▶ [MATERIAL PROVIDED]
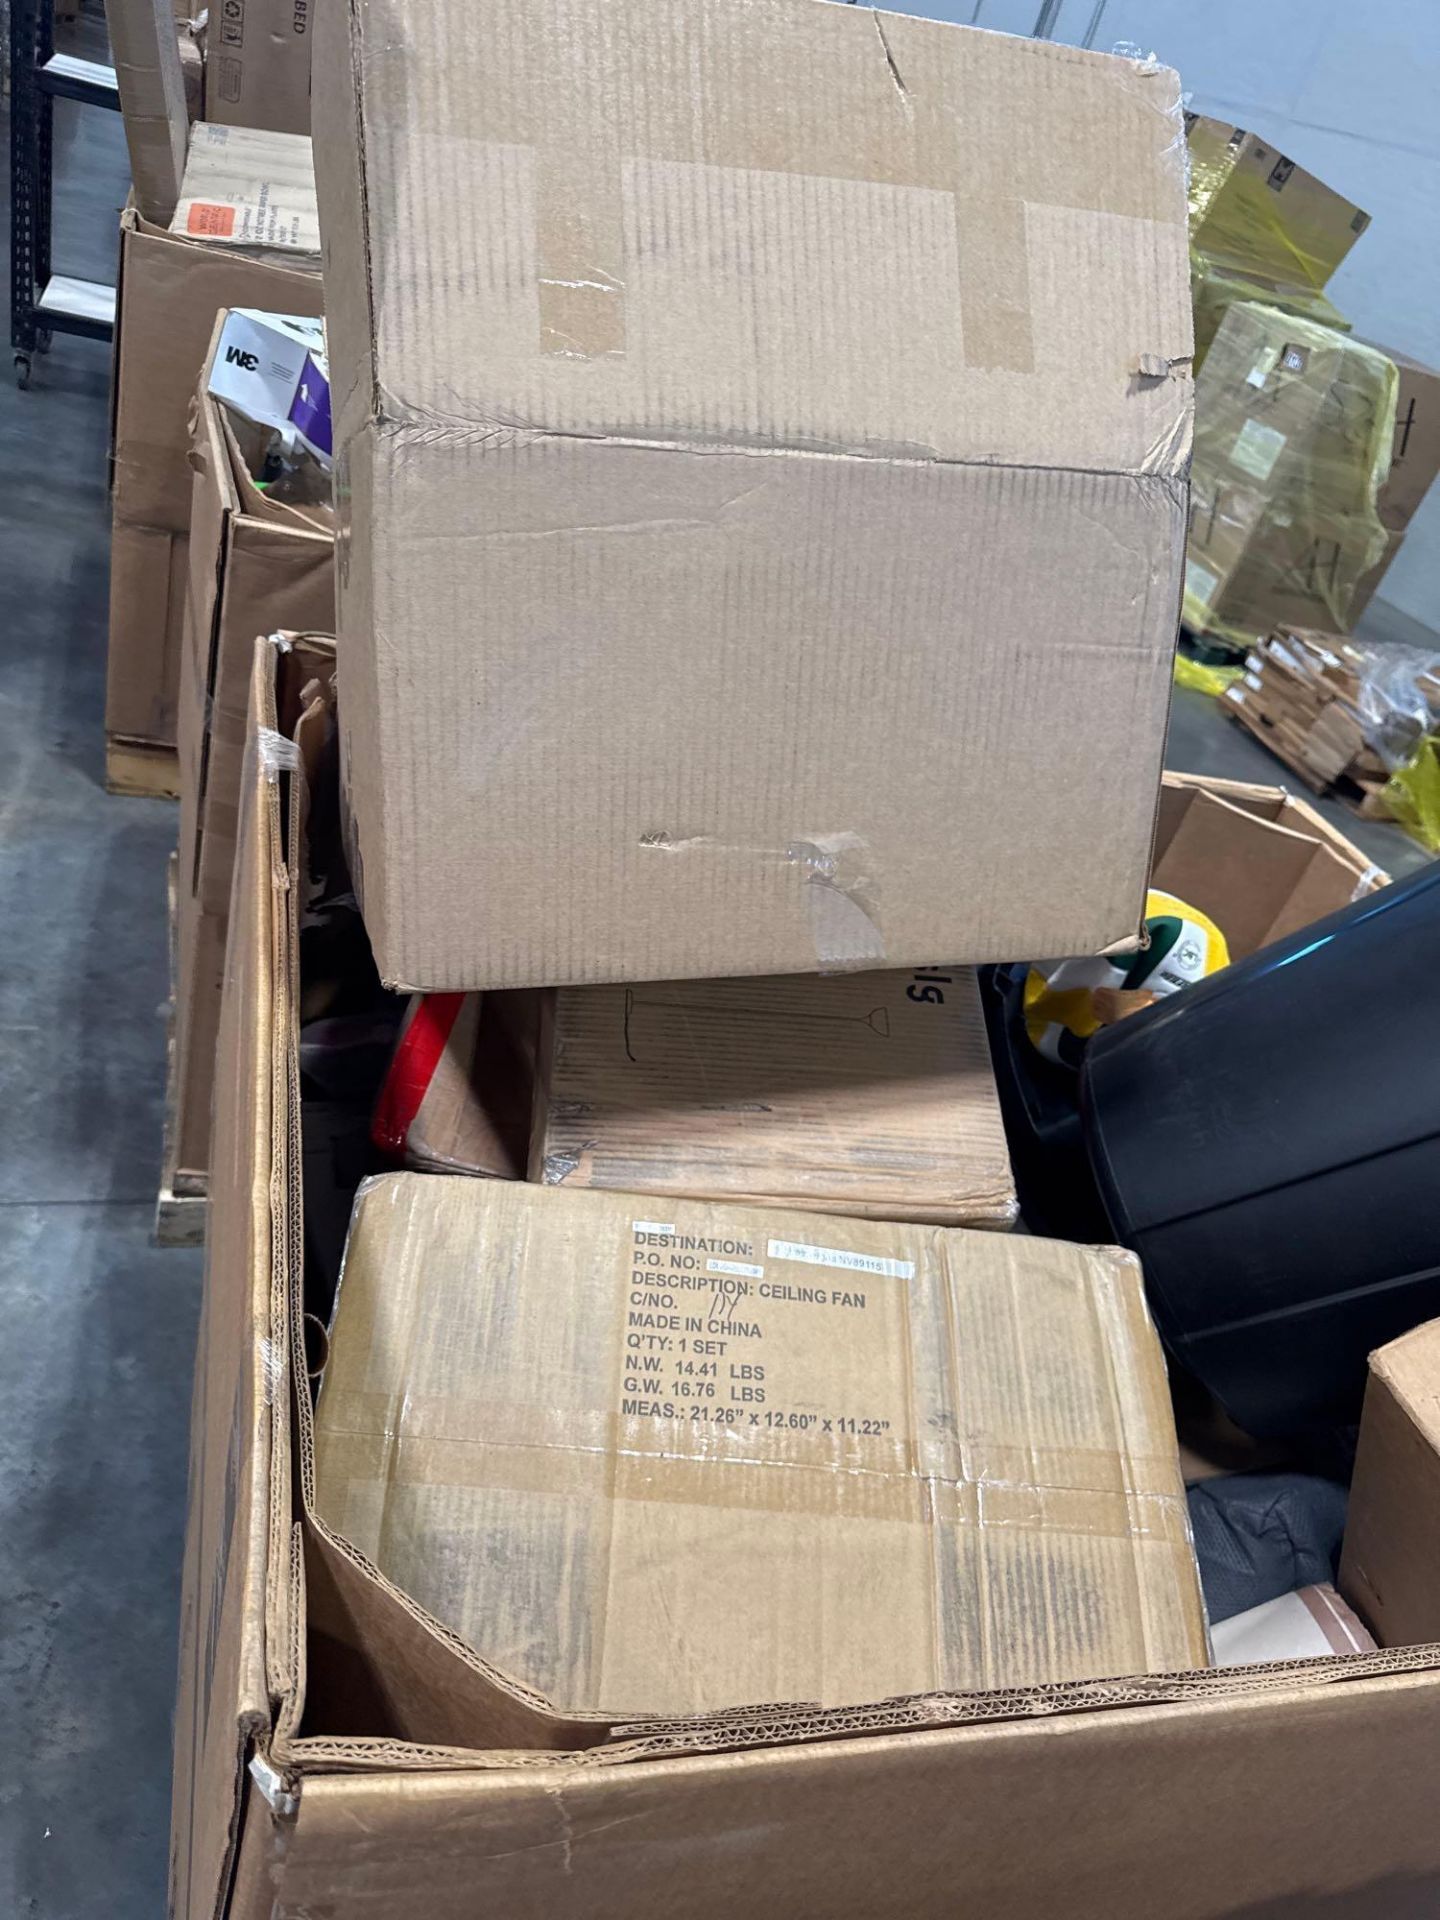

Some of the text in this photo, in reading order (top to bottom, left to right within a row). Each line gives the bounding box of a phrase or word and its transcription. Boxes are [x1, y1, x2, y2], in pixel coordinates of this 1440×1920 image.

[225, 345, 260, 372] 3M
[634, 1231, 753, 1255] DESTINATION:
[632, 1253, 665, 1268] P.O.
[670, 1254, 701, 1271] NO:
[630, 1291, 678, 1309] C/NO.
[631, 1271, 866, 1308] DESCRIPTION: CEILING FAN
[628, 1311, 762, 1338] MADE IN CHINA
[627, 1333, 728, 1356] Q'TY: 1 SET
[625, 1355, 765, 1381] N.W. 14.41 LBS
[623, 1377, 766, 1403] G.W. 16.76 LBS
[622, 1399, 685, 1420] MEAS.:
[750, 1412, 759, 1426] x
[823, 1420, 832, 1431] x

▶ [ACTION ITEM] Pictures are to be left out. Everything else in the records above gets repeated exactly.

▶ [RESULT]
Some of the text in this photo, in reading order (top to bottom, left to right within a row). Each line gives the bounding box of a phrase or word and its transcription. Boxes are [x1, y1, x2, y2], in pixel coordinates of this 1440×1920 image.

[225, 345, 260, 372] 3M
[634, 1231, 753, 1255] DESTINATION:
[632, 1253, 665, 1268] P.O.
[670, 1254, 701, 1271] NO:
[630, 1291, 678, 1309] C/NO.
[631, 1271, 866, 1308] DESCRIPTION: CEILING FAN
[628, 1311, 762, 1338] MADE IN CHINA
[627, 1333, 728, 1356] Q'TY: 1 SET
[625, 1355, 765, 1381] N.W. 14.41 LBS
[623, 1377, 766, 1403] G.W. 16.76 LBS
[622, 1399, 685, 1420] MEAS.:
[750, 1412, 759, 1426] x
[823, 1420, 832, 1431] x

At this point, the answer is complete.